** Exercise requirements **
Your answer should repeat the entries in full, exactly as given, with no pictures.

======== Records

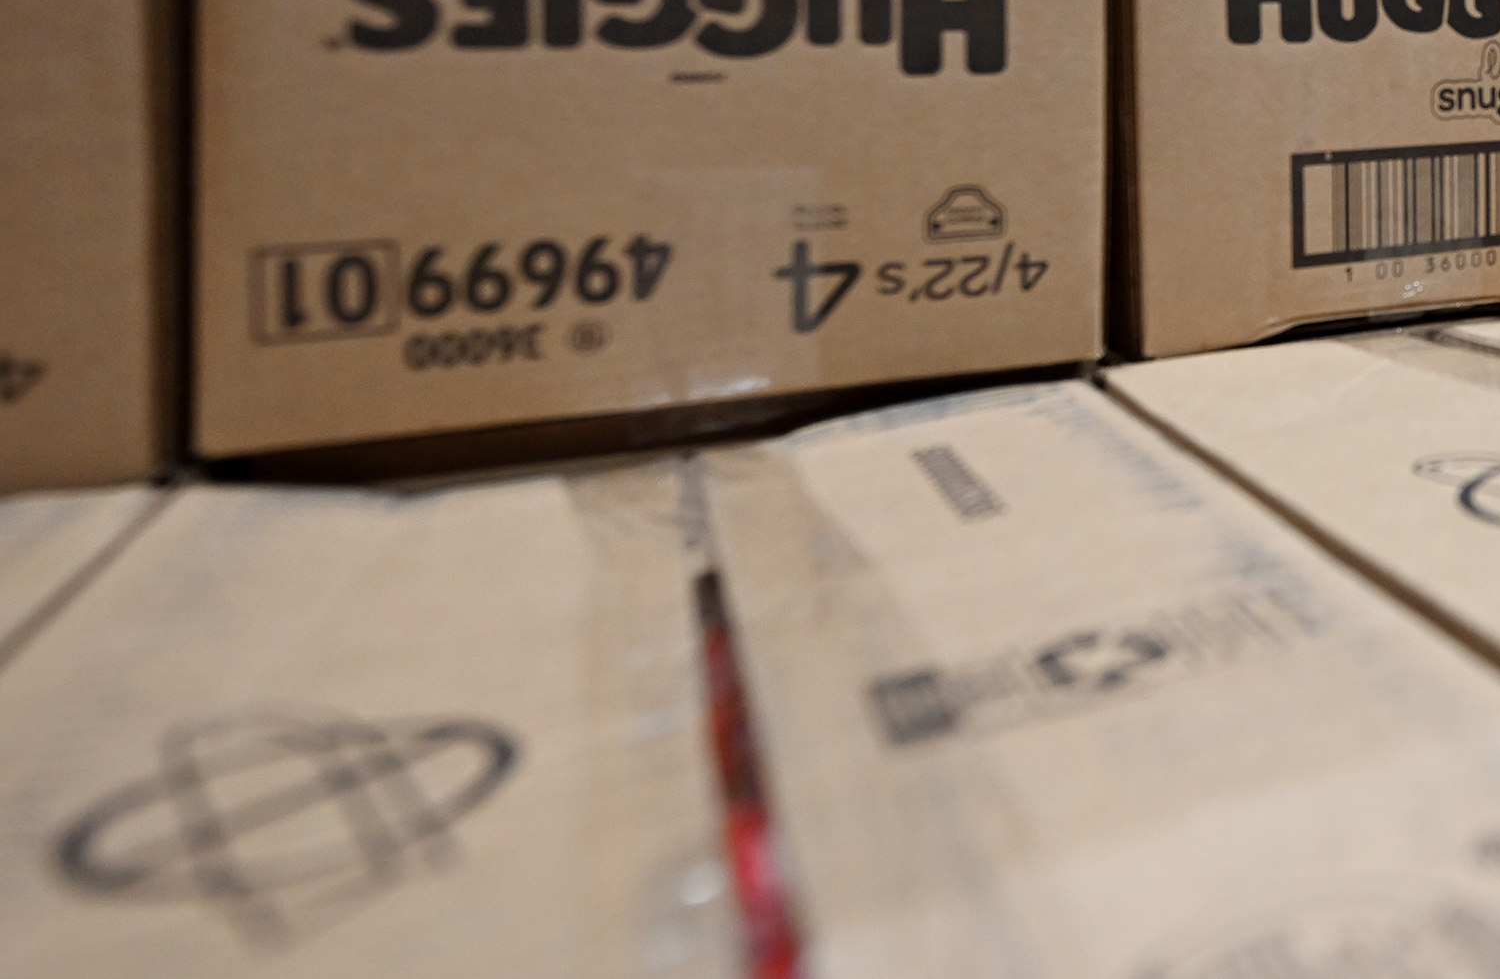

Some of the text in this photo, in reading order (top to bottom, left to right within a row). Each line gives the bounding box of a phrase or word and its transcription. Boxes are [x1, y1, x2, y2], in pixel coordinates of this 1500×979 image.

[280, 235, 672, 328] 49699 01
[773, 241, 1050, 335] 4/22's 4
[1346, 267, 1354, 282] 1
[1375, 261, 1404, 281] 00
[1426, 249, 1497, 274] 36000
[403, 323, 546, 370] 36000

================

** Result of this exercise **
Some of the text in this photo, in reading order (top to bottom, left to right within a row). Each line gives the bounding box of a phrase or word and its transcription. Boxes are [x1, y1, x2, y2], in pixel coordinates of this 1500×979 image.

[280, 235, 672, 328] 49699 01
[773, 241, 1050, 335] 4/22's 4
[1346, 267, 1354, 282] 1
[1375, 261, 1404, 281] 00
[1426, 249, 1497, 274] 36000
[403, 323, 546, 370] 36000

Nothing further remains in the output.